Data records

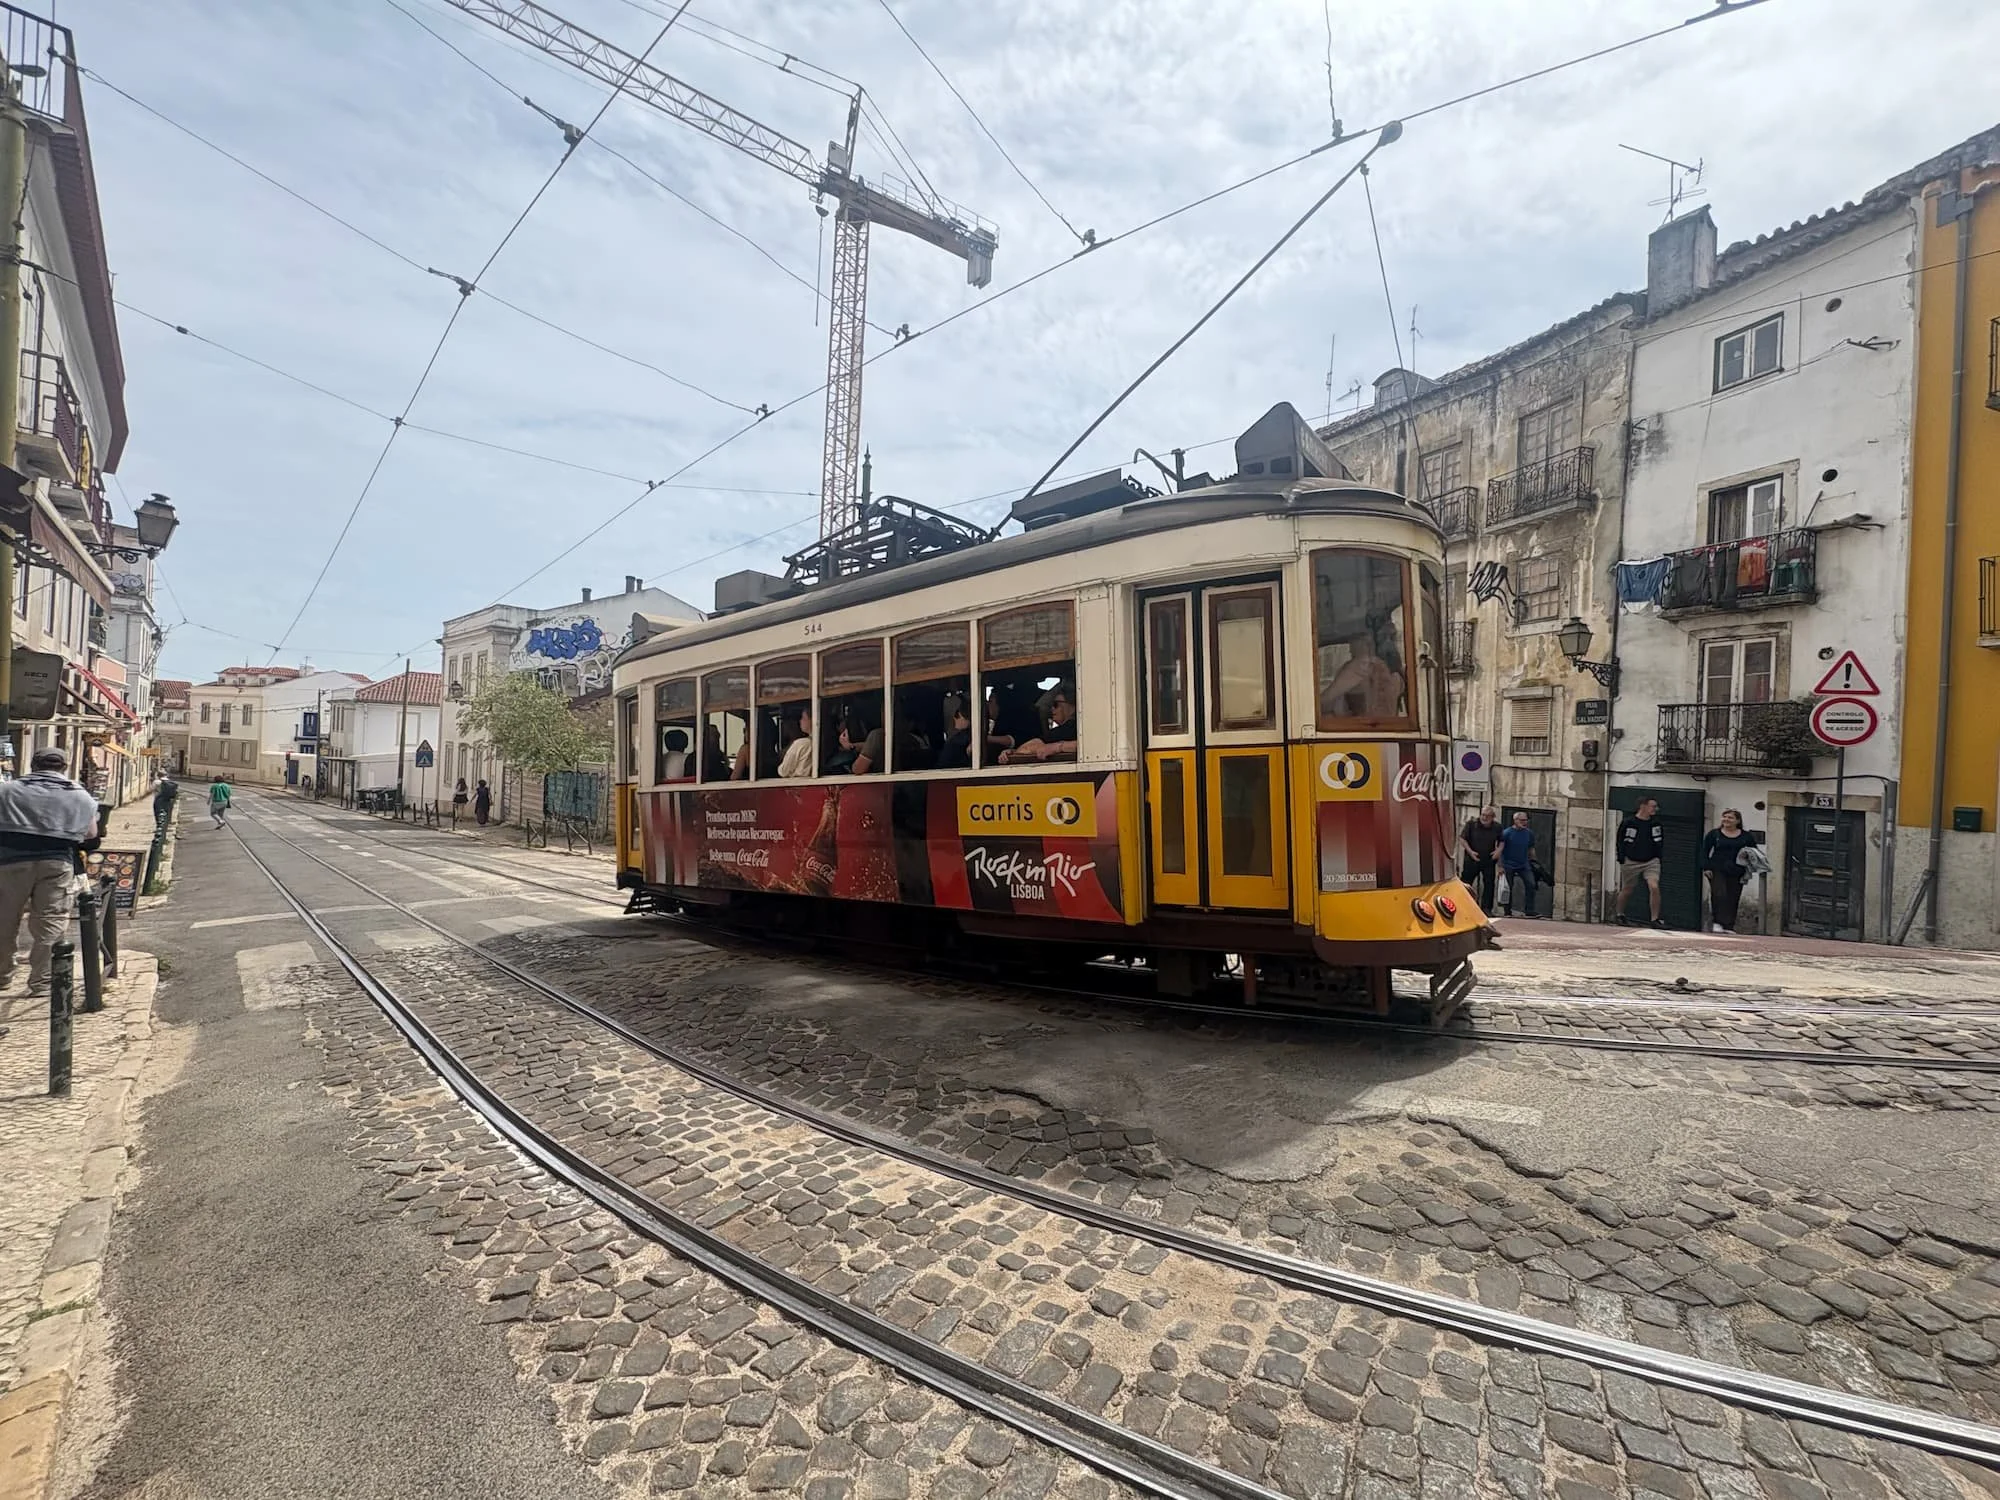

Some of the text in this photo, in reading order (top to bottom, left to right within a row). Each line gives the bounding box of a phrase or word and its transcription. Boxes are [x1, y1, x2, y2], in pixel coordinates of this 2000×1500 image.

[803, 623, 823, 636] 544
[969, 796, 1034, 821] carris
[1818, 797, 1830, 807] 33
[727, 811, 740, 825] para
[737, 829, 750, 842] para
[964, 846, 1097, 897] Rock in Rio
[1010, 883, 1045, 900] LISBOA
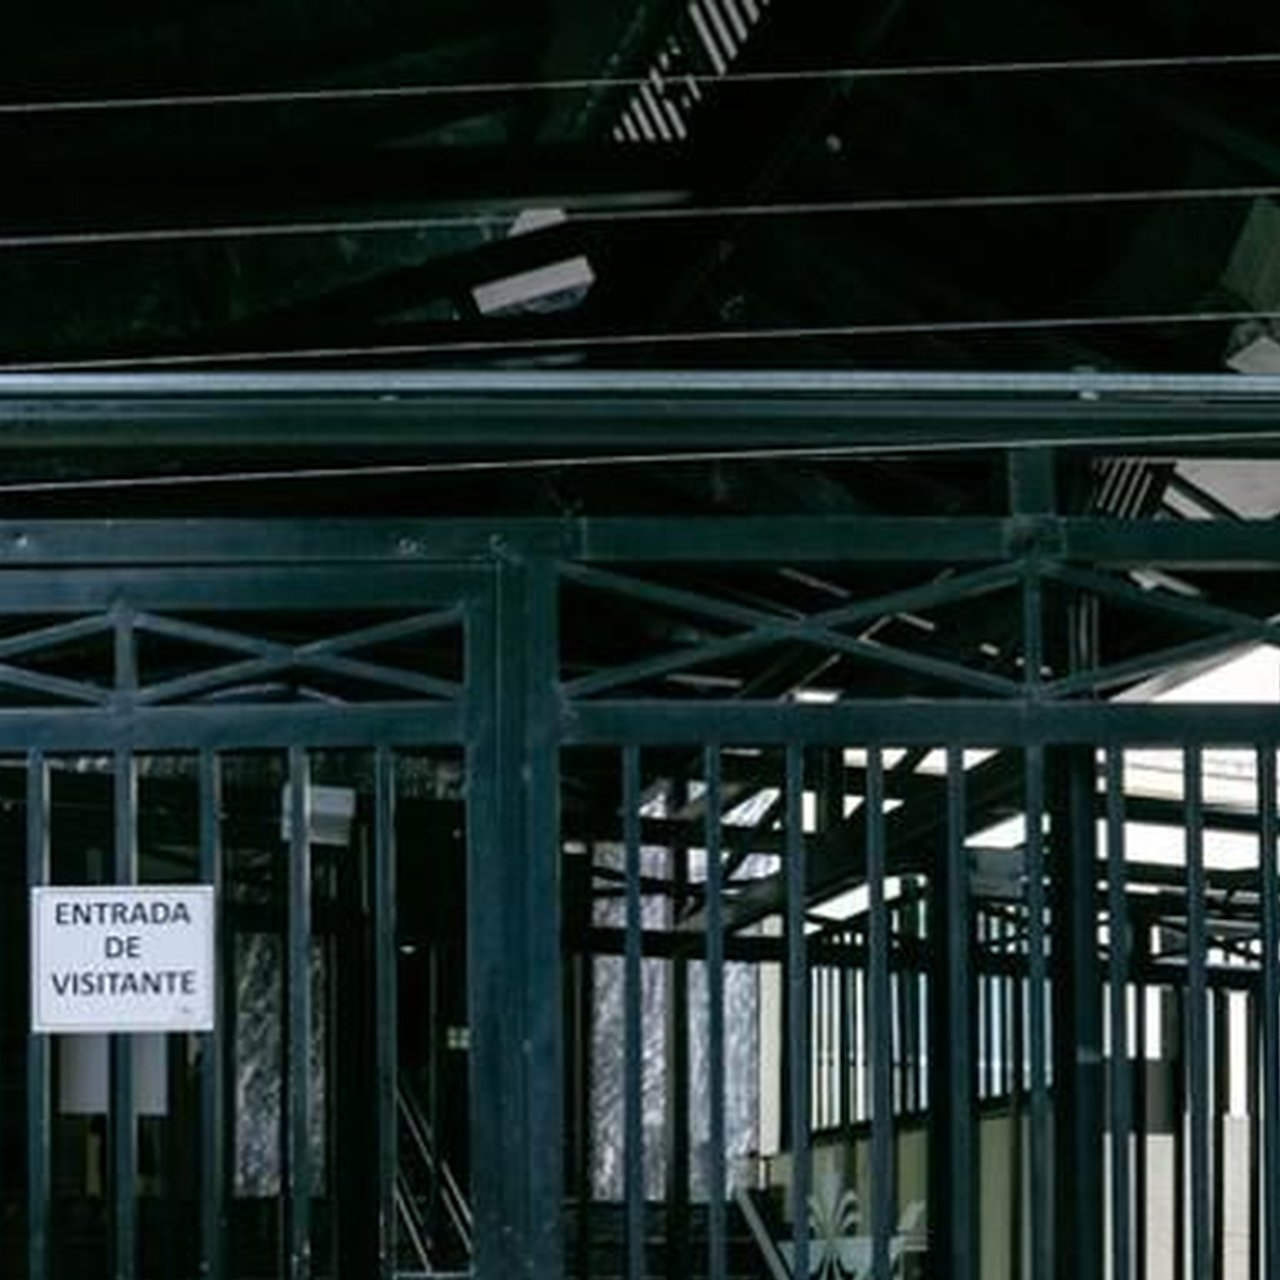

• _TASK TO COMPLETE_: The answer must restate every entry word for word, with the pictures left out.

• _THE ANSWER_:
Some of the text in this photo, in reading order (top to bottom, left to right within a row). Each line gives the bounding box of a phrase or word and its transcription. Boxes are [x1, y1, x2, y2], in pixel coordinates of this 2000×1500 image.

[803, 623, 823, 636] 544
[969, 796, 1034, 821] carris
[1818, 797, 1830, 807] 33
[727, 811, 740, 825] para
[737, 829, 750, 842] para
[964, 846, 1097, 897] Rock in Rio
[1010, 883, 1045, 900] LISBOA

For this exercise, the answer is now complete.